Shanghai Frontiers Science Center of Drug Target Identification and Delivery, School of Pharmaceutical Sciences, Shanghai Jiao Tong University, Shanghai, 200240, China; National Key Laboratory of Innovative Immunotherapy, Shanghai Jiao Tong University, Shanghai, 200240, China.
Shanghai Frontiers Science Center of Drug Target Identification and Delivery, School of Pharmaceutical Sciences, Shanghai Jiao Tong University, Shanghai, 200240, China; National Key Laboratory of Innovative Immunotherapy, Shanghai Jiao Tong University, Shanghai, 200240, China.
Biomaterials. 2025 Jan;312:122745. doi: 10.1016/j.biomaterials.2024.122745. Epub 2024 Aug 3.

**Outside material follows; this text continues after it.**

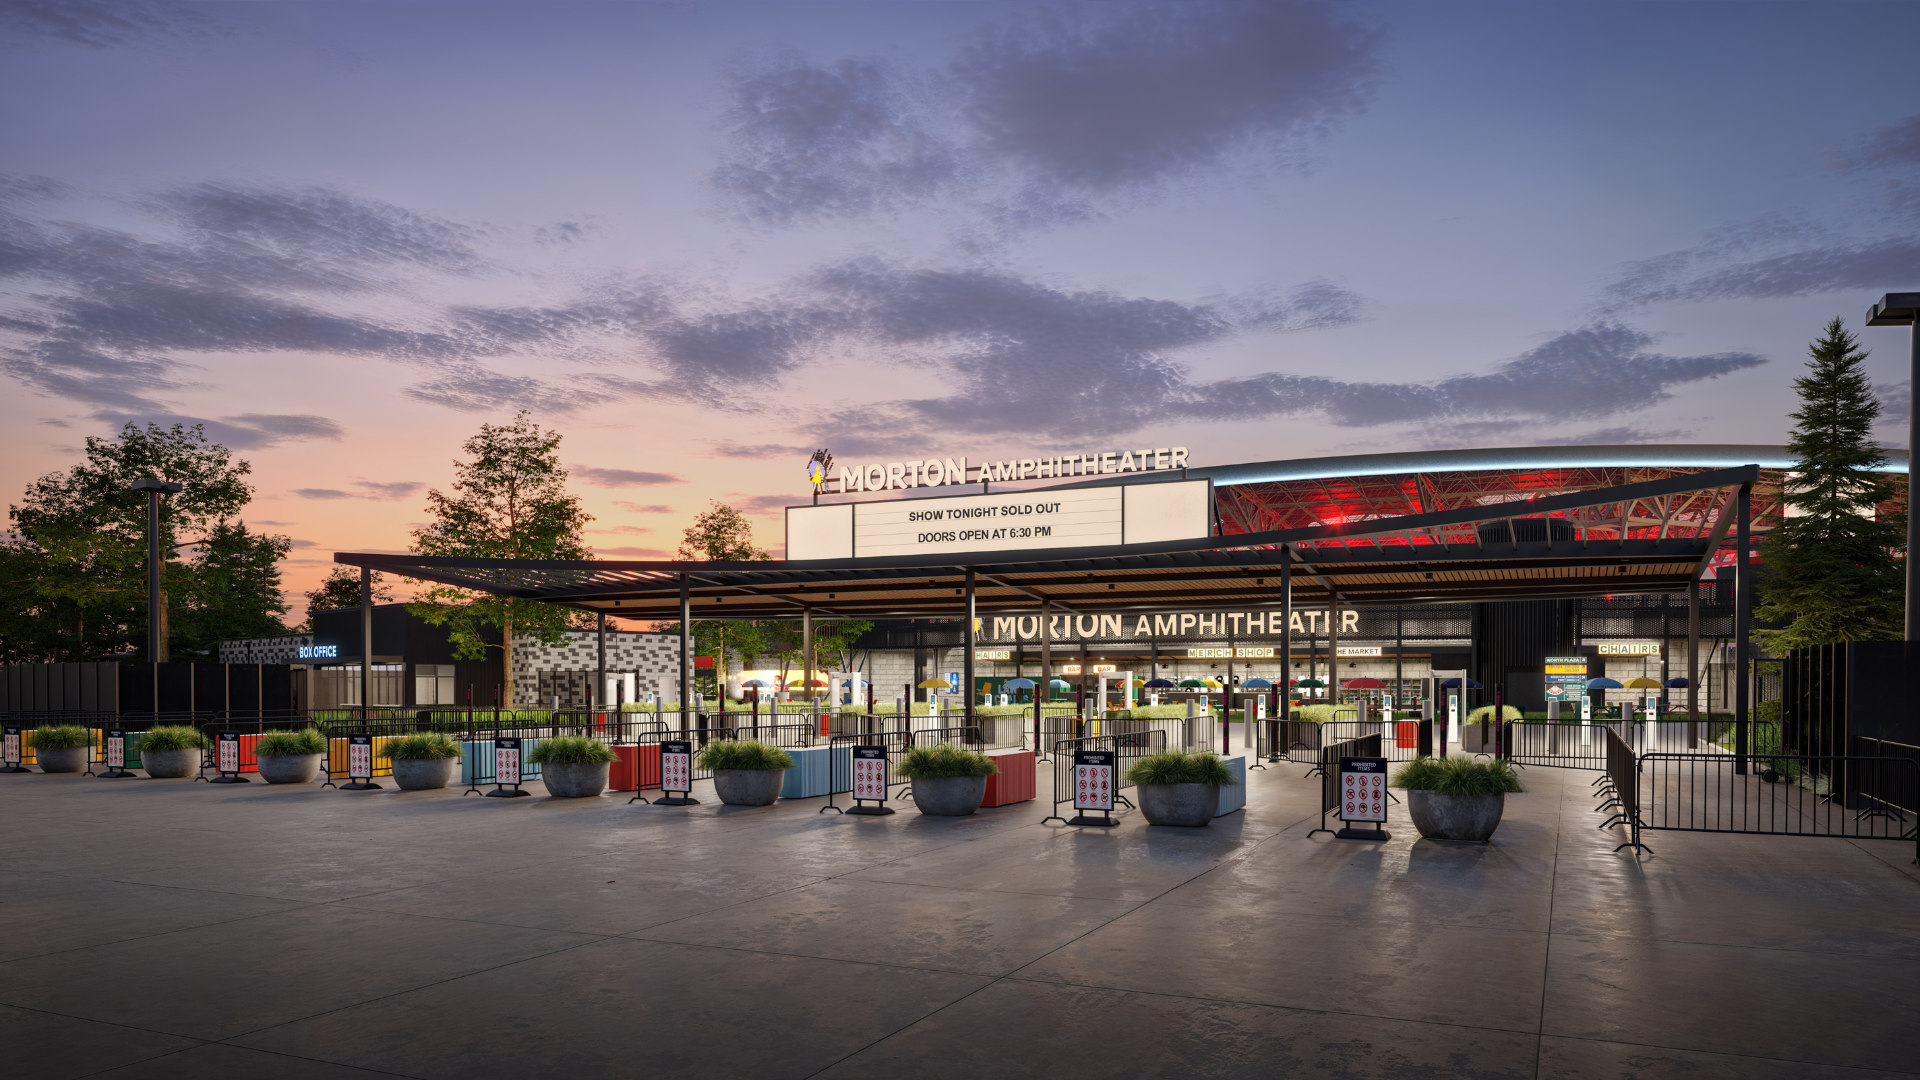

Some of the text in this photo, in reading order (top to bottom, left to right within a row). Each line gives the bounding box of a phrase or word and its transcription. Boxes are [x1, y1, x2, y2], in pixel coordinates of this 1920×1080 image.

Stimulator of interferon genes (STING) agonists have shown promise in cancer treatment by stimulating the innate immune response, yet their clinical potential has been limited by inefficient cytosolic entry and unsatisfactory pharmacological activities. Moreover, aggressive tumors with "cold" and immunosuppressive microenvironments may not be effectively suppressed solely through innate immunotherapy. Herein, we propose a multifaceted immunostimulating nanoparticle (Mn-MC NP), which integrates manganese II (Mn) coordinated photosensitizers (chlorin e6, Ce6) and STING agonists (MSA-2) within a PEGylated nanostructure. In Mn-MC NPs, Ce6 exerts potent phototherapeutic effects, facilitating tumor ablation and inducing immunogenic cell death to elicit robust adaptive antitumor immunity. MSA-2 activates the STING pathway powered by Mn, thereby promoting innate antitumor immunity. The Mn-MC NPs feature a high drug-loading capacity (63.42 %) and directly ablate tumor tissue while synergistically boosting both adaptive and innate immune responses. In subsutaneous tumor mouse models, the Mn-MC NPs exhibit remarkable efficacy in not only eradicating primary tumors but also impeding the progression of distal and metastatic tumors through synergistic immunotherapy. Additionally, they contribute to preventing tumor recurrence by fostering long-term immunological memory. Our multifaceted immunostimulating nanoparticle holds significant potential for overcoming limitations associated with insufficient antitumor immunity and ineffective cancer treatment.
干扰素基因刺激剂(STING)激动剂通过刺激先天免疫反应在癌症治疗中显示出前景,但由于细胞内进入效率低下和不尽如人意的药理活性,其临床潜力受到限制。此外,具有“冷”和免疫抑制微环境的侵袭性肿瘤可能无法仅通过先天免疫疗法有效抑制。在此,我们提出了一种多功能免疫刺激纳米颗粒(Mn-MC NP),它将锰 II(Mn)配位的光敏剂(氯乙酮,Ce6)和 STING 激动剂(MSA-2)整合在聚乙二醇化的纳米结构内。在 Mn-MC NPs 中,Ce6 发挥强大的光疗作用,促进肿瘤消融并诱导免疫原性细胞死亡,引发强大的适应性抗肿瘤免疫。MSA-2 由 Mn 提供动力激活 STING 途径,从而促进先天抗肿瘤免疫。Mn-MC NPs 具有高载药能力(63.42%),可直接消融肿瘤组织,同时协同增强适应性和先天免疫反应。在皮下肿瘤小鼠模型中,Mn-MC NPs 不仅在根除原发性肿瘤方面表现出显著疗效,而且通过协同免疫疗法阻止远端和转移性肿瘤的进展。此外,它们通过促进长期免疫记忆有助于防止肿瘤复发。我们的多功能免疫刺激纳米颗粒具有克服抗肿瘤免疫不足和癌症治疗无效相关限制的巨大潜力。